■ What to work on
Exact copies of the records below are needed, free of pictures.

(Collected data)
********************

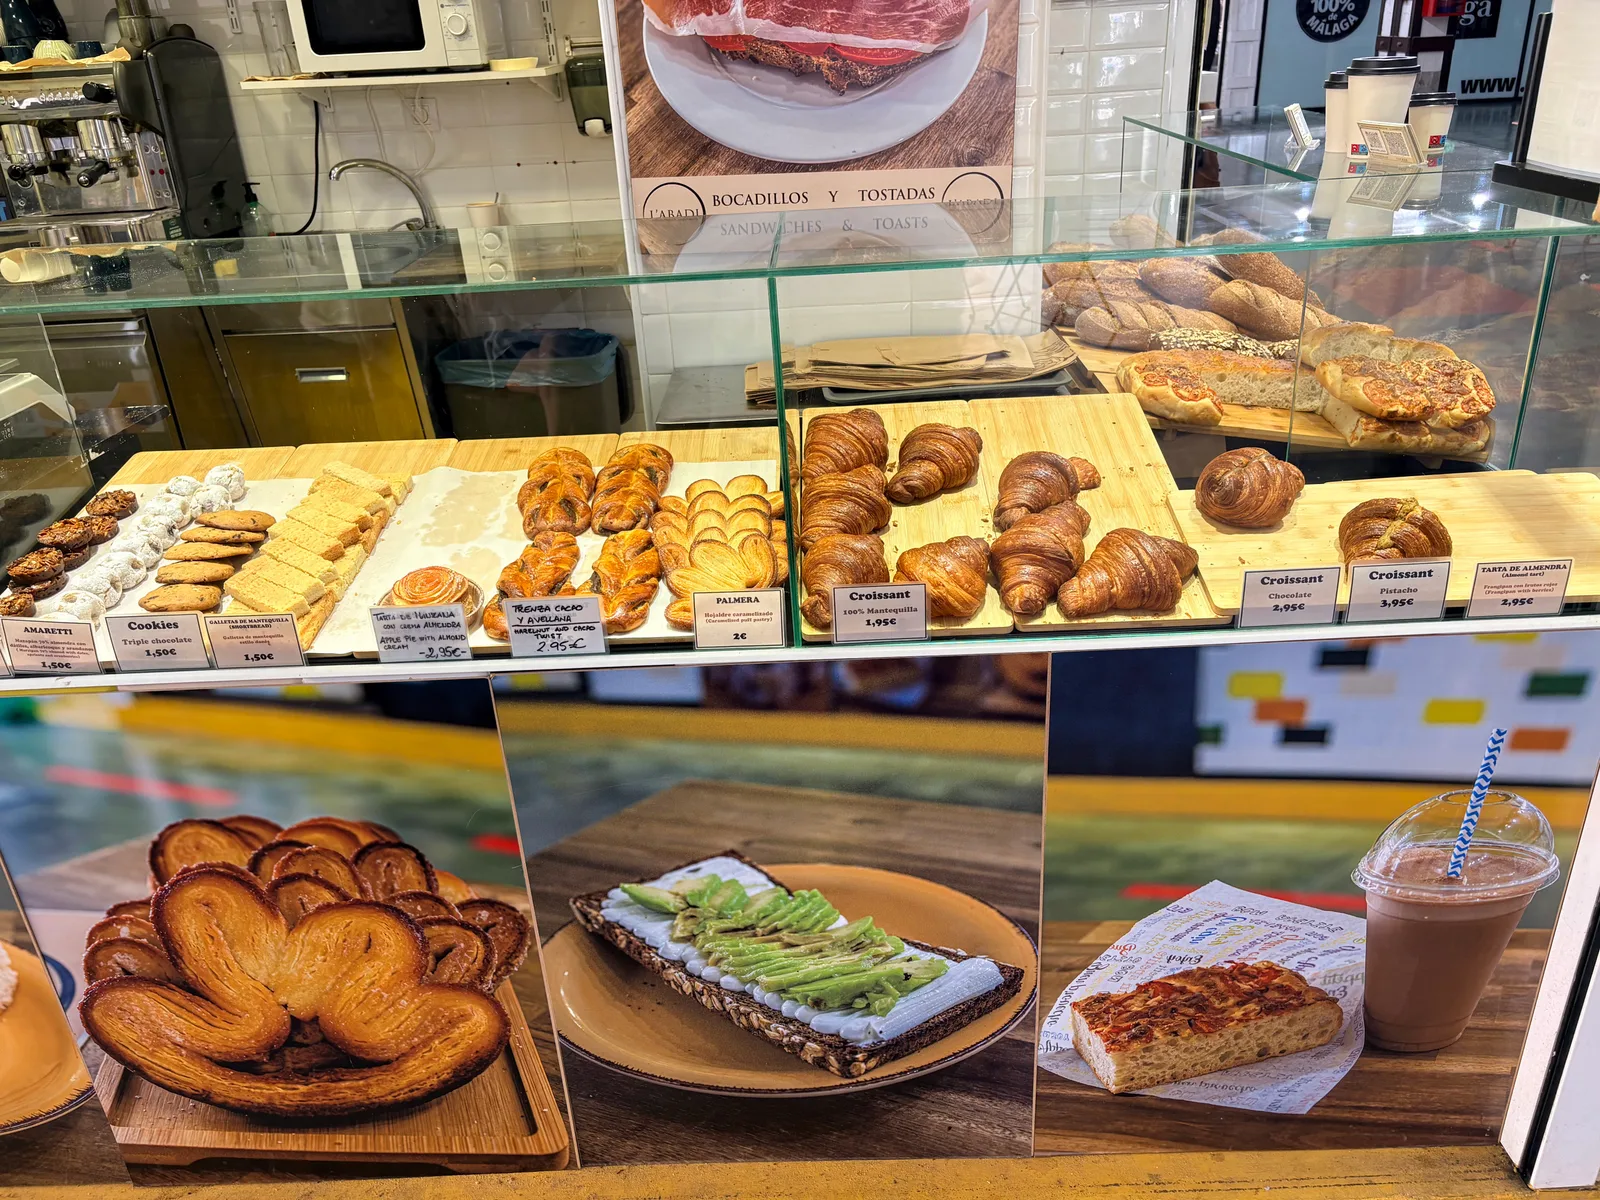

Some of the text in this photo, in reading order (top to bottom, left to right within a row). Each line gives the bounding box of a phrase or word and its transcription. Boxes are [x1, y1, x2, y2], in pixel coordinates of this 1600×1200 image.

[1311, 0, 1355, 13] 100%
[1306, 14, 1359, 36] MÁLAGA
[712, 187, 936, 207] BOCADILLOS Y TOSTADAS
[842, 219, 853, 231] &
[872, 216, 928, 230] TOASTS
[1260, 574, 1324, 585] Croissant
[1369, 569, 1434, 580] Croissant
[849, 590, 911, 601] Croissant
[1380, 598, 1414, 608] 3,95€
[1501, 597, 1534, 607] 2,95€
[512, 604, 583, 613] TRENZA CACAO
[866, 606, 918, 615] Mantequilla
[1272, 603, 1305, 612] 2,95€
[528, 615, 572, 624] AVELLANA
[866, 618, 896, 627] 1,95€
[128, 620, 179, 630] Cookies
[24, 626, 73, 635] AMARETTI
[145, 648, 177, 658] 1,50€
[244, 653, 274, 662] 1,50€
[41, 661, 72, 670] 1,50€

********************

■ Response to this task
Some of the text in this photo, in reading order (top to bottom, left to right within a row). Each line gives the bounding box of a phrase or word and its transcription. Boxes are [x1, y1, x2, y2], in pixel coordinates of this 1600×1200 image.

[1311, 0, 1355, 13] 100%
[1306, 14, 1359, 36] MÁLAGA
[712, 187, 936, 207] BOCADILLOS Y TOSTADAS
[842, 219, 853, 231] &
[872, 216, 928, 230] TOASTS
[1260, 574, 1324, 585] Croissant
[1369, 569, 1434, 580] Croissant
[849, 590, 911, 601] Croissant
[1380, 598, 1414, 608] 3,95€
[1501, 597, 1534, 607] 2,95€
[512, 604, 583, 613] TRENZA CACAO
[866, 606, 918, 615] Mantequilla
[1272, 603, 1305, 612] 2,95€
[528, 615, 572, 624] AVELLANA
[866, 618, 896, 627] 1,95€
[128, 620, 179, 630] Cookies
[24, 626, 73, 635] AMARETTI
[145, 648, 177, 658] 1,50€
[244, 653, 274, 662] 1,50€
[41, 661, 72, 670] 1,50€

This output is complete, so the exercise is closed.